[Data shown]
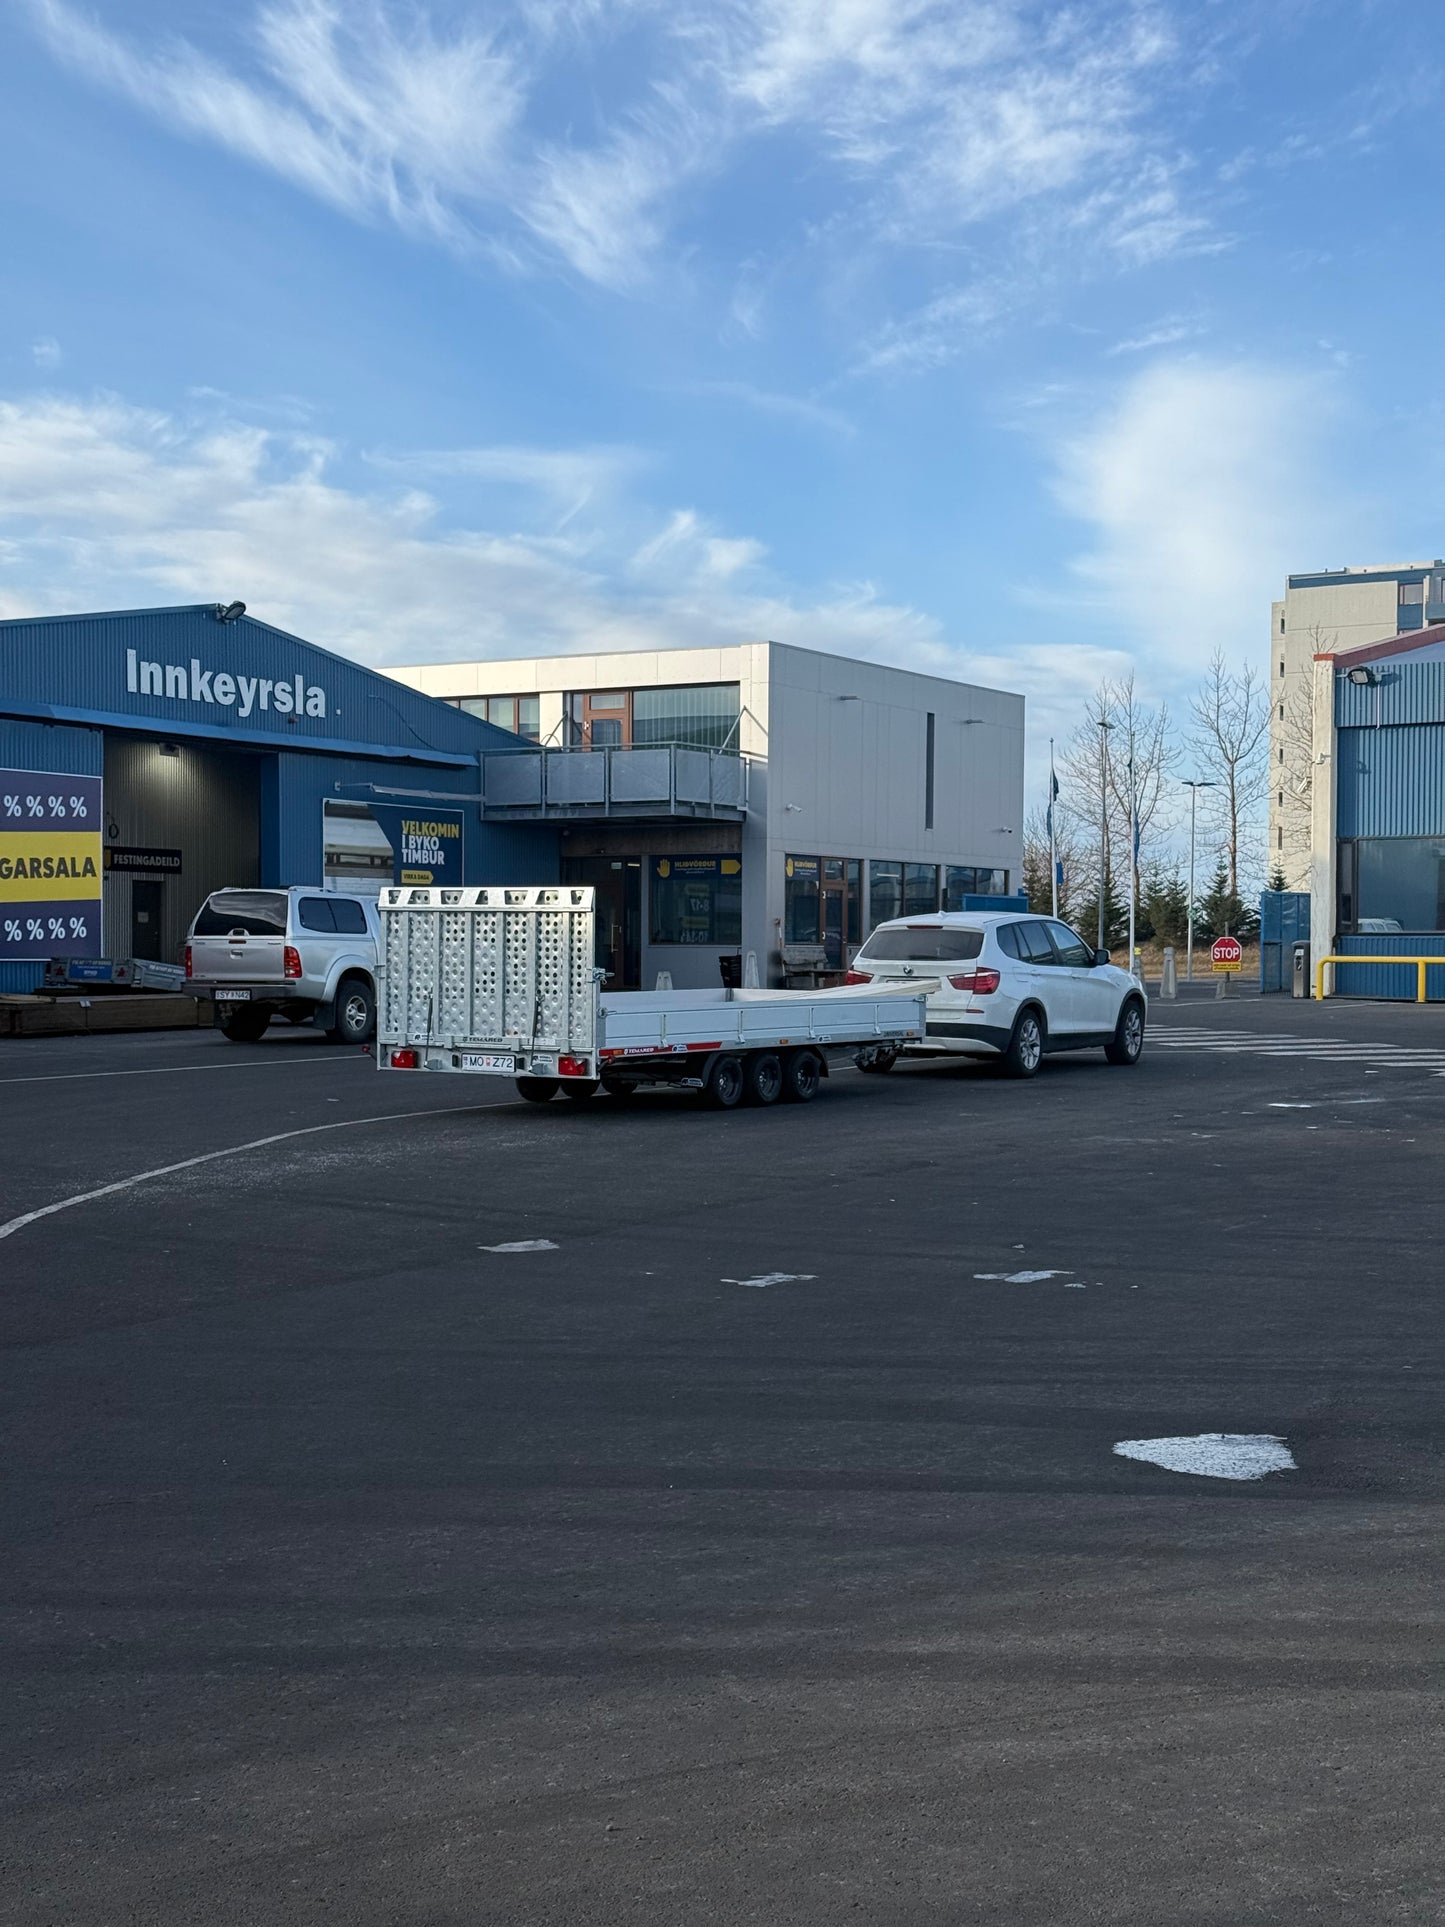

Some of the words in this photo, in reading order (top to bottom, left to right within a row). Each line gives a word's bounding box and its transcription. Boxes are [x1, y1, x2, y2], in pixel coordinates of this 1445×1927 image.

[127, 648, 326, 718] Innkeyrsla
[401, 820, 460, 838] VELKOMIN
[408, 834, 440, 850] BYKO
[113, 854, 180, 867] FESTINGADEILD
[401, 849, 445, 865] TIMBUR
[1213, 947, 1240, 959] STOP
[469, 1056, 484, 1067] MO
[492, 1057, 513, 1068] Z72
[/Data shown]
**Work instruction**
Copy all the data exactly as written, but skip any picture.

**Answer box**
Some of the words in this photo, in reading order (top to bottom, left to right within a row). Each line gives a word's bounding box and its transcription. Boxes are [x1, y1, x2, y2], in pixel coordinates of this 1445×1927 image.

[127, 648, 326, 718] Innkeyrsla
[401, 820, 460, 838] VELKOMIN
[408, 834, 440, 850] BYKO
[113, 854, 180, 867] FESTINGADEILD
[401, 849, 445, 865] TIMBUR
[1213, 947, 1240, 959] STOP
[469, 1056, 484, 1067] MO
[492, 1057, 513, 1068] Z72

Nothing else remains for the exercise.